= Anise Koltz =

Luxembourgish writer (1928–2023)

Anise Koltz

Anise Koltz (12 June 1928 – 1 March 2023) was a Luxembourgish contemporary author. Best known for her poetry and her translations of poems, she also wrote a number of children's stories. In 1962, she was a cofounder with Nic Weber of the successful literary conference series Journées littéraires de Mondorf (now Académie Européenne de Poésie) in which she has always played a key role.

==Biography==
Born on 12 June 1928 in Eich, Luxembourg City, Koltz began to write fairy stories in the 1950s mainly in German and Luxembourgish. She also worked as a translator. Many of her works have been translated into English, Spanish and Italian. She was considered to be Luxembourg's most important contemporary poet.

From 1963, the Journées littéraires de Mondorf (Mondorf Literary Days) created links between Luxembourg writers and the international scene.

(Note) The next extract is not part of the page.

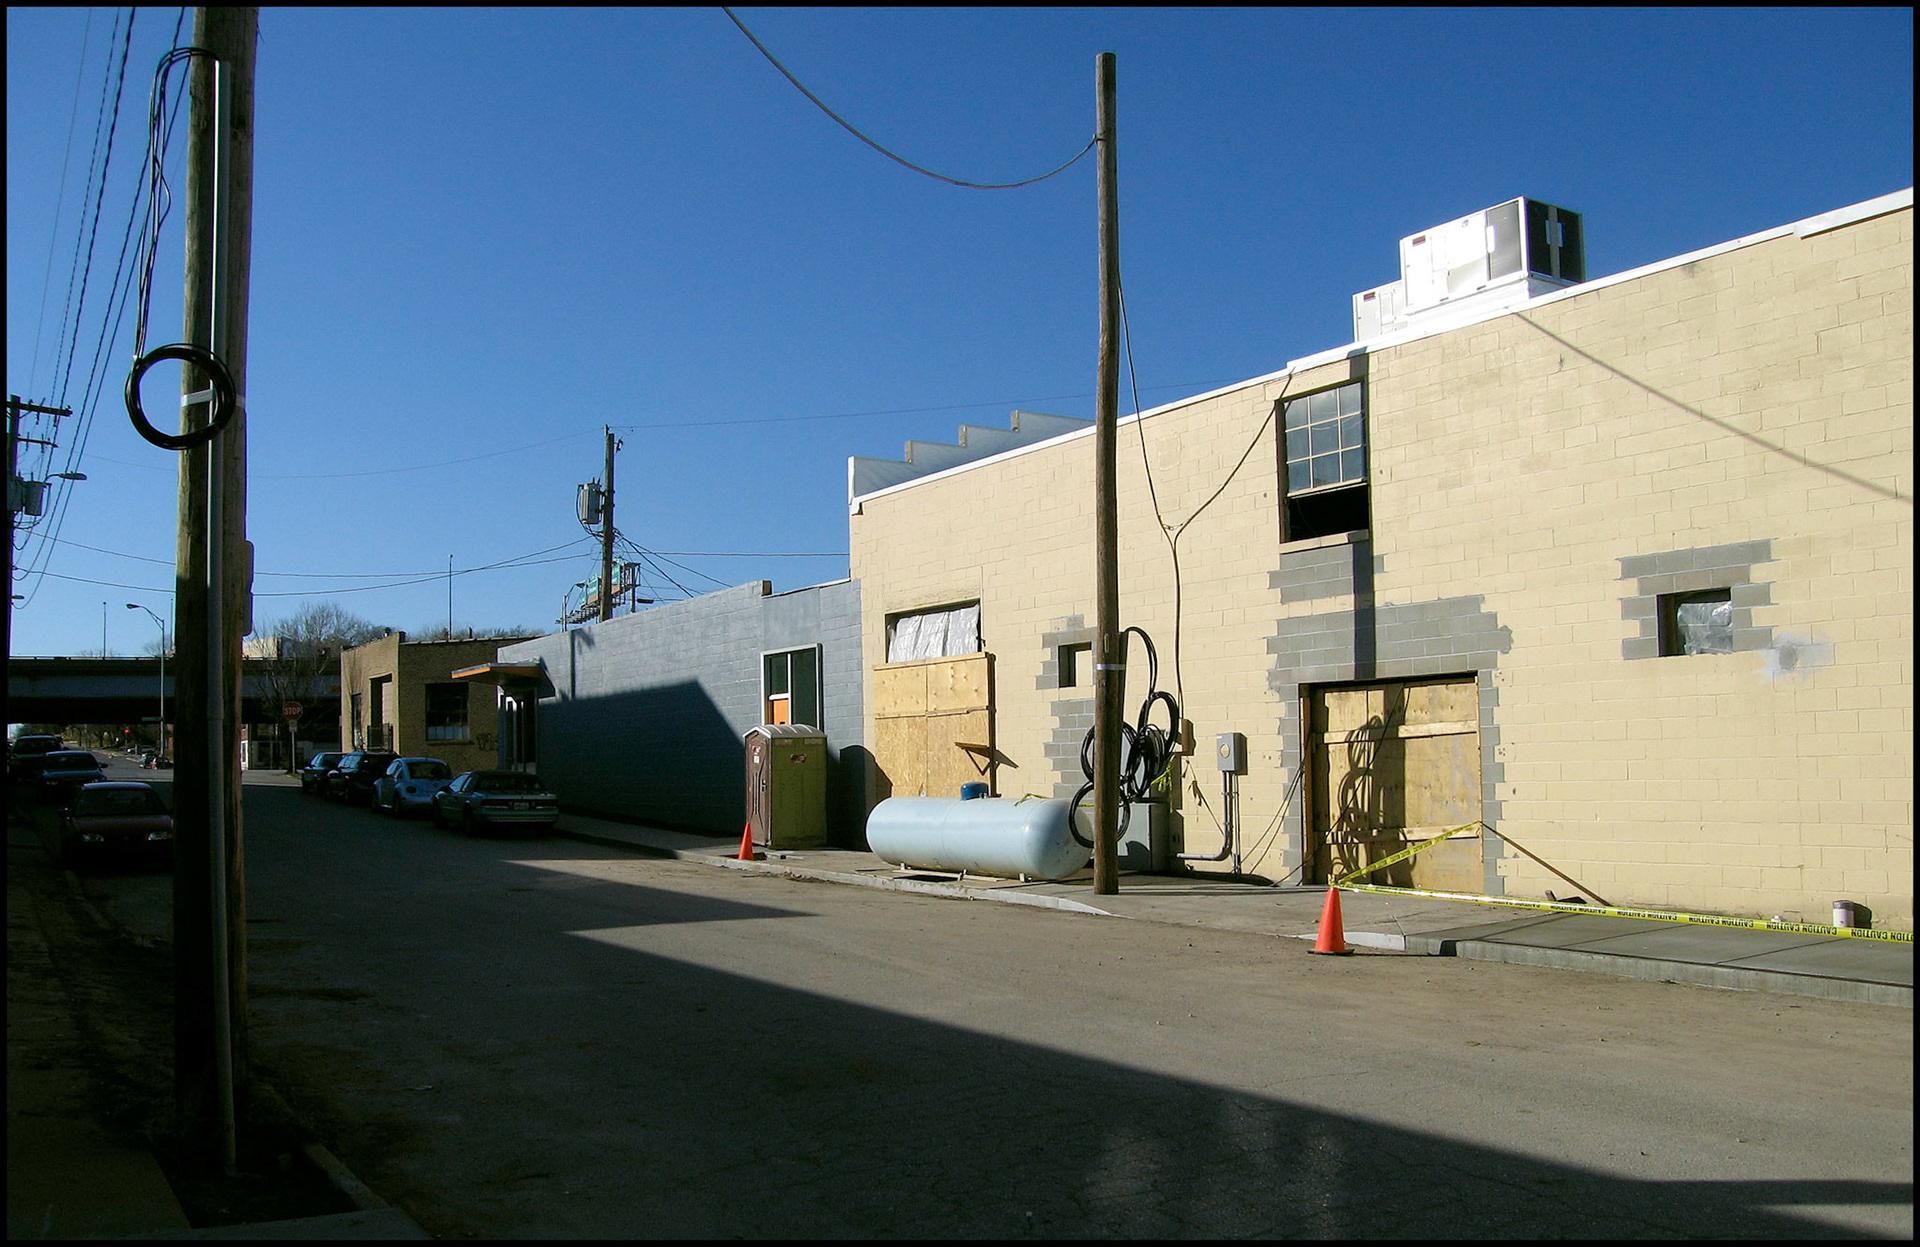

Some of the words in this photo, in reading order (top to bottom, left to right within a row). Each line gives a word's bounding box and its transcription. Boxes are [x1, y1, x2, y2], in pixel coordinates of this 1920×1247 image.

In 1995, the Mondorf Literary Days were revived, representing all literary genres so as to provide a wide range of authors with a platform for their works.

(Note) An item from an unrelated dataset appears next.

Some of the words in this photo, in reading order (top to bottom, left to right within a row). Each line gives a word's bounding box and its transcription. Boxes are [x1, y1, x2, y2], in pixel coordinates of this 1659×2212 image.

Koltz died on 1 March 2023, at the age of 94.

==Awards==
- 1992 – Prix Jean Malrieu
- 1992 – Prix Blaise Cendrars
- 1994 – Antonio Viccaro prize for "Chants de refus"
- 1996 – Batty Weber Prize
- 1997 – Rheinlandtaler prize from "Landschaftsverband Rheinland"
- 1998 – Prix Guillaume Apollinaire for Le mur du son
- 2005 – Jan Smrek Prize in Slovakia – for her lifelong work
- 2008 – Servais Prize for L'ailleurs des mots
- 2009 – Prix de littérature francophone Jean Arp for "La lune noircie"

==Works==

=== In German ===
- Märchen, Luxembourg, 1957
- Heimatlos, Gedichte, Luxembourg, 1959
- Der Wolkenschimmel und andere Erzählungen, Luxembourg, 1960
- Spuren nach innen, 21 Gedichte, Luxembourg, 1960
- Steine und Vögel, Gedichte, München/Esslingen, 1964
- Den Tag vergraben, Bechtle Verlag, 1969
- Fragmente aus Babylon, Delp Verlag, 1973

=== Bilingual German and French ===
- Le cirque du soleil, Pierre Seghers, 1966
- Vienne quelqu'un, Rencontre, 1970
- Fragments de Babylone, Fagne, 1974
- Sich der Stille hingeben, Heiderhoff Verlag, 1983

=== In French ===
- Le jour inventé, Paris, 1975
- La terre monte, Belfond, Paris, 1980
- Souffles sculptés, Guy Binsfeld, 1988
- Chants de refus I and II, phi, 1993 and 1995
- Le mur du son, phi, 1997, Prix Guillaume Apollinaire
- Le paradis brûle, La Différence, 1998
- La terre se tait, phi, 1999
- Le cri de l'épervier, phi, 2000
- Le porteur d'ombre, phi, 2001
- L'avaleur de feu, phi, 2003
- Béni soit le serpent, phi, 2004
- L'ailleurs des mots, Éditions Arfuyen, 2007, Prix Jean Servais
- La Lune noircie, Éditions Arfuyen, 2009 in connection with Prix de littérature francophone Jean Arp
- La Muraille de l'Alphabet, phi, 2010]
- Je renaîtrai, Éditions Arfuyen, 2011

=== Bilingual French and English ===

- At the Devil's Banquets, Dedalus Press, 1998. ISBN 978-1-901233-05-6
- At the Edge of Night, Arc Publications, 2009. ISBN 978-1-904614-56-2

==Bibliography==
- Forderer, Manfred (1971). "Anfang und Ende der abendländischen Lyrik"
- Brucher, Roger: "Anise Koltz, de traces et d'aigle", Virton: La Dryade. 1976.
- Weins, Alain (1999). ""Kann Poesie die Welt verändern?""
- Caldognetto, Maria Luisa: "Anise Koltz: 'Il paradiso brucia'", in: Poesia. Milano: Crocetti. n° 153. (September 2001). pp. 32–43.